Yesterday we went to Woodhorn Museum, near Ashington in Northumberland, to see their new Frost of Forgetfulness Winter Quest.
Woodhorn Museum is on the site of the old colliery, which closed in the early 1980s. The museum tells the story of the miners. Paintings, an old pit village reconstruction, and the old buildings themselves, all tell the tales of 800 years of history in Woodhorn.
The Frost of Forgetfulness Winter Quest at Woodhorn Museum is really special. It’s a magical time for families, and it’s not too Christmassy, so suitable for people of all faiths.
The idea is that the Frost of Forgetfulness is creeping across the museum, muddling memories and baffling boffins. Before the memories are lost forever, you need to follow the trail and complete the mysteries. At the end there’s a special, magical surprise.
Staff and the buildings are covered in mesh fabric, which James (4) instantly recognised as the frost.

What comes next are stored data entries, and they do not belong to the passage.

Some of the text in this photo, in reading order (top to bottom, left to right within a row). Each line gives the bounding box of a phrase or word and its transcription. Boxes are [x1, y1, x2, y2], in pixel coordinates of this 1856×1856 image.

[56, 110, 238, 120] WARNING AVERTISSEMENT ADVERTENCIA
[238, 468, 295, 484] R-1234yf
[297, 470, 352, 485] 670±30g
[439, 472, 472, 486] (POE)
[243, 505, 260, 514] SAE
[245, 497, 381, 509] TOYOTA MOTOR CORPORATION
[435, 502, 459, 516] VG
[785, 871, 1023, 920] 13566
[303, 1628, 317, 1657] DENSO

We started in the stables, where we made a pit canary and a cage to carry it in, before heading out on our quest. Staff were super helpful, giving James age-appropriate instruction to build the cage while I helped Noah with making a canary.

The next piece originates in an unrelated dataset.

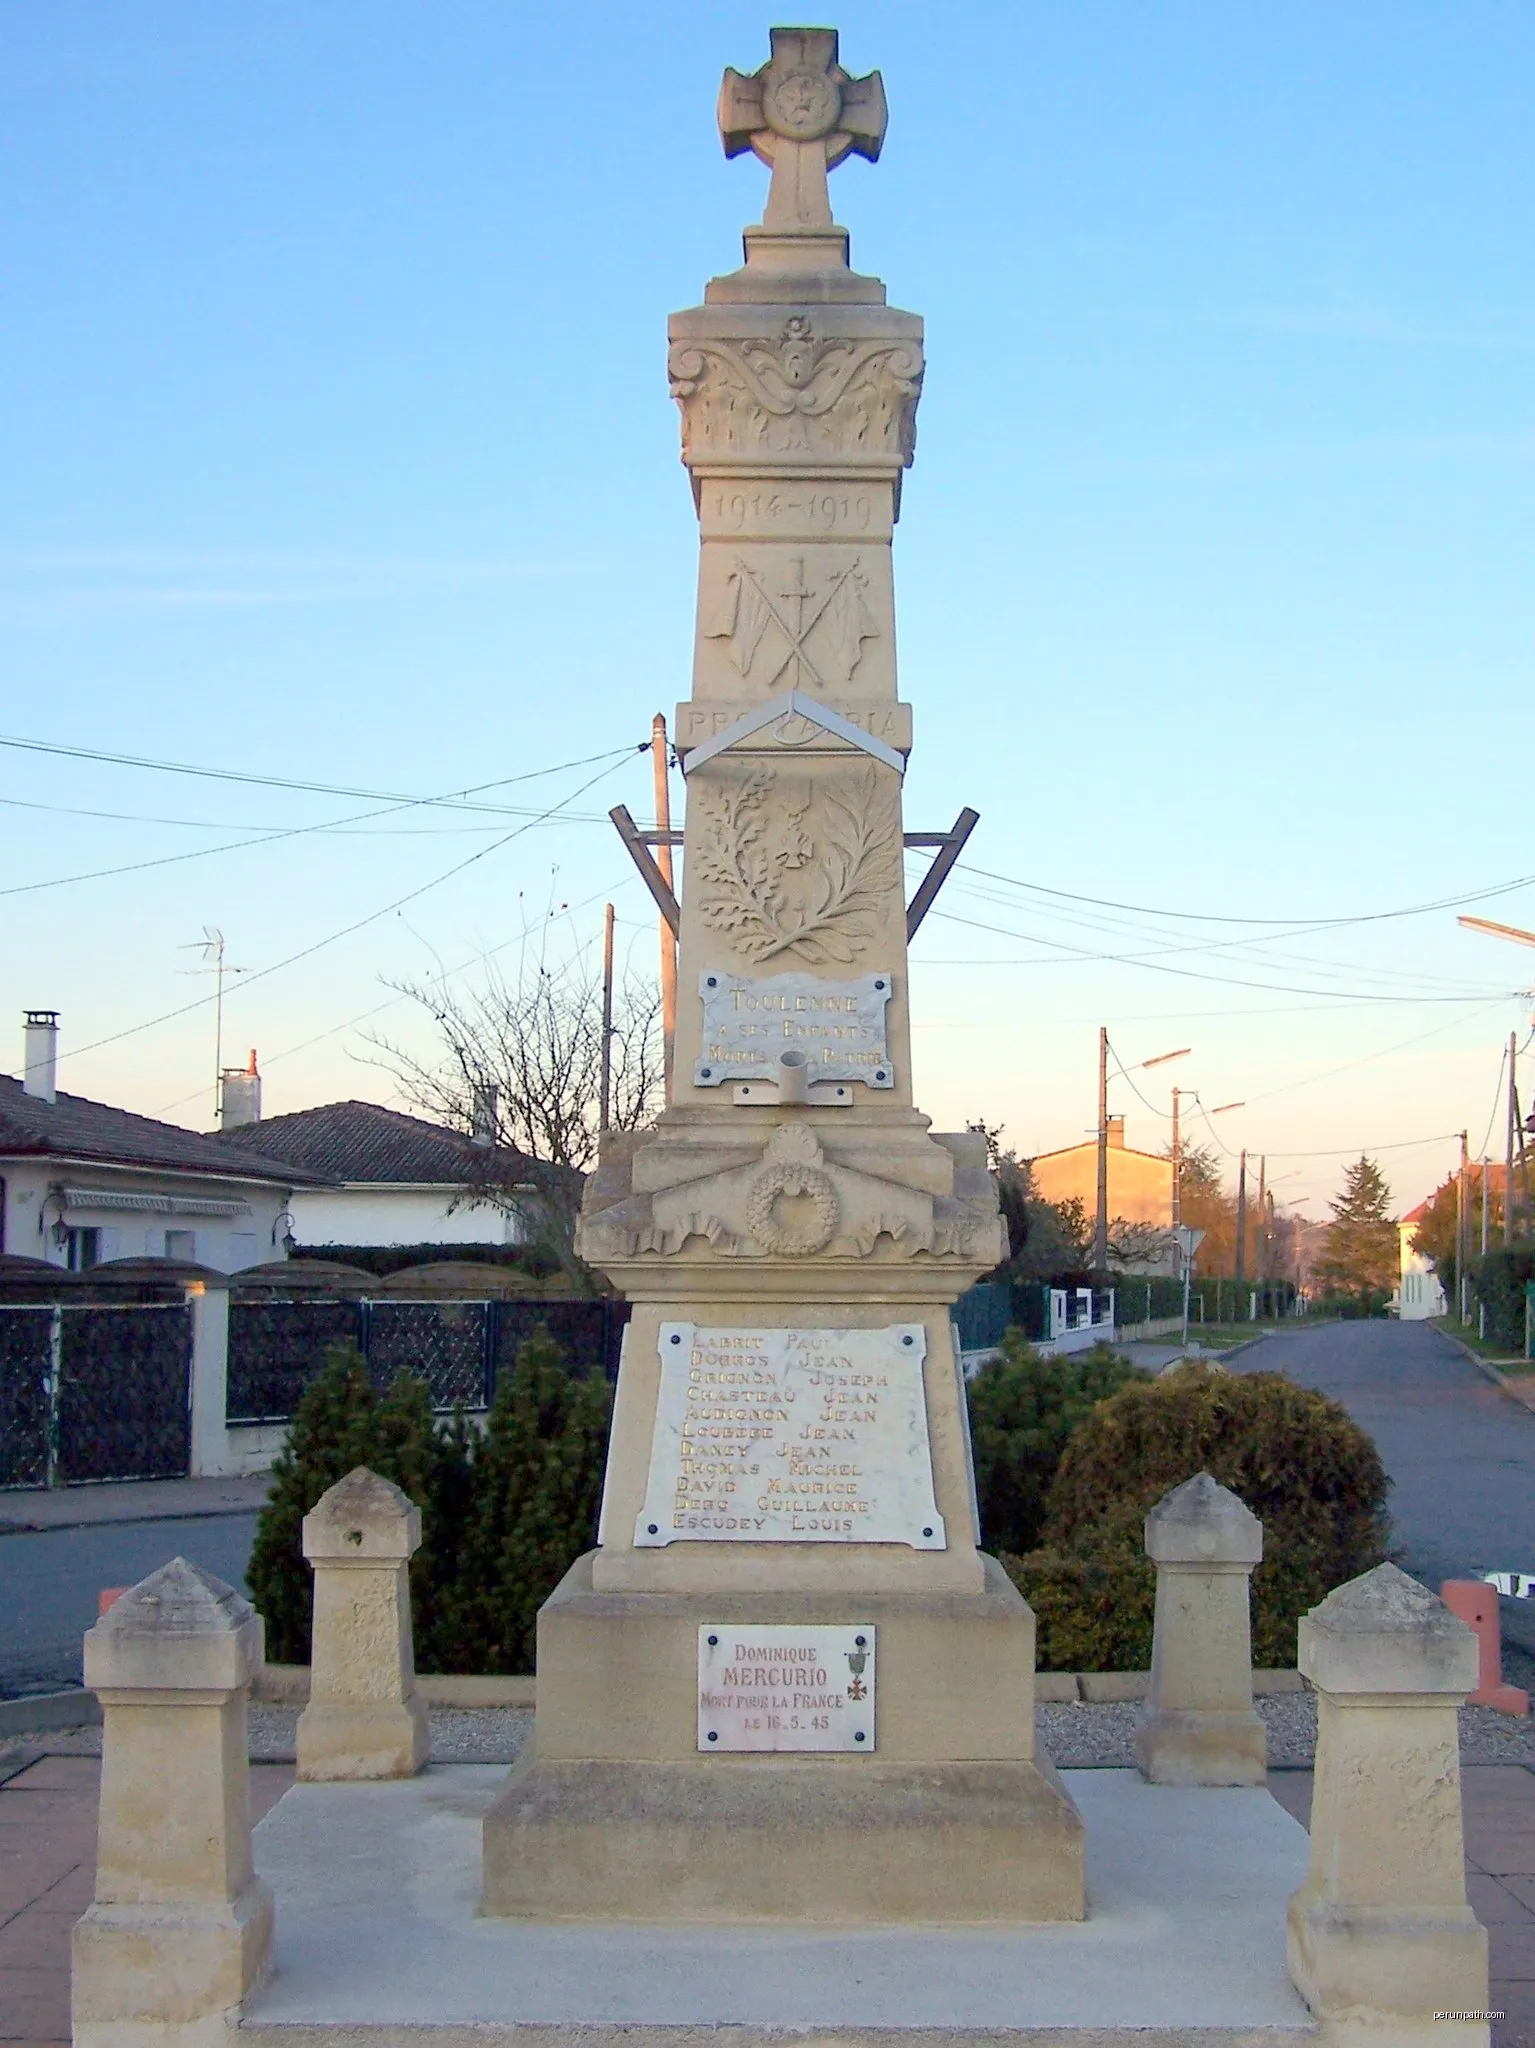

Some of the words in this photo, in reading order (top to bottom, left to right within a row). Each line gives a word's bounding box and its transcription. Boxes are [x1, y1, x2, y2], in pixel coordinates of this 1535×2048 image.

[716, 493, 871, 531] 1914-1919
[735, 1643, 817, 1664] DOMINIQUE
[723, 1667, 827, 1687] MERCURIO
[793, 1693, 844, 1709] FRANCE

We were handed a little booklet and pencil when we finished making the bird and cage. The booklet has a map showing the mission locations and spaces to draw or write the answers. When you’re in the right place, you’ll know because you’ll see a yellow feather next to the mission on a sign.

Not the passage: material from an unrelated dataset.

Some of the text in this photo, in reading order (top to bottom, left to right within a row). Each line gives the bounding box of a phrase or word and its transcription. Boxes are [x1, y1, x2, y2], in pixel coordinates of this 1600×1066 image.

I really liked the mix of indoor and outdoor mystery locations, and the variety of puzzles is really good for families of different ages. James’ favourite quest was on the outdoor playground, however he liked all of it and found that hard to choose as the best bit. Some of the tasks ask you to use your imagination, and others need you to seek out the answers by counting, or finding letters.
Frost of Forgetfulness is a free activity and no advance booking is required. We spent a bit more than 3 hours at Woodhorn, but we also detoured for a visit to Santa (£8.50 per child), and made the free craft activity.
We loved that the the Frost of Forgetfulness is an event for the whole family and there are activities within it that are accessible to a range of ages. Noah (2) was really happy to run alongside us, looking for things like animals at a particular point.
At the end, when you’ve completed as many activities as you’d like to, you return to the stables building for a very special surprise. The staff play a very fine part, and add to the magic and sense of an event.
All in all, if you are near Woodhorn Museum while the Frost of Forgetfulness event is on, you must visit! If you are looking for a family friendly activity this week while the children need a run around before Christmas, this is perfect.
You can make a day of it by riding the Woodhorn Railway to the pub nearby for a spot of lunch and a tumble in the soft play, before using your return ticket back to the museum (£2 per adult return or £1 concession). Woodhorn Museum also has a cafe and shop. You could also go for a walk or cycle around the lake, if you fancy a wander, or zoom around on the ice skating rink at Woodhorn.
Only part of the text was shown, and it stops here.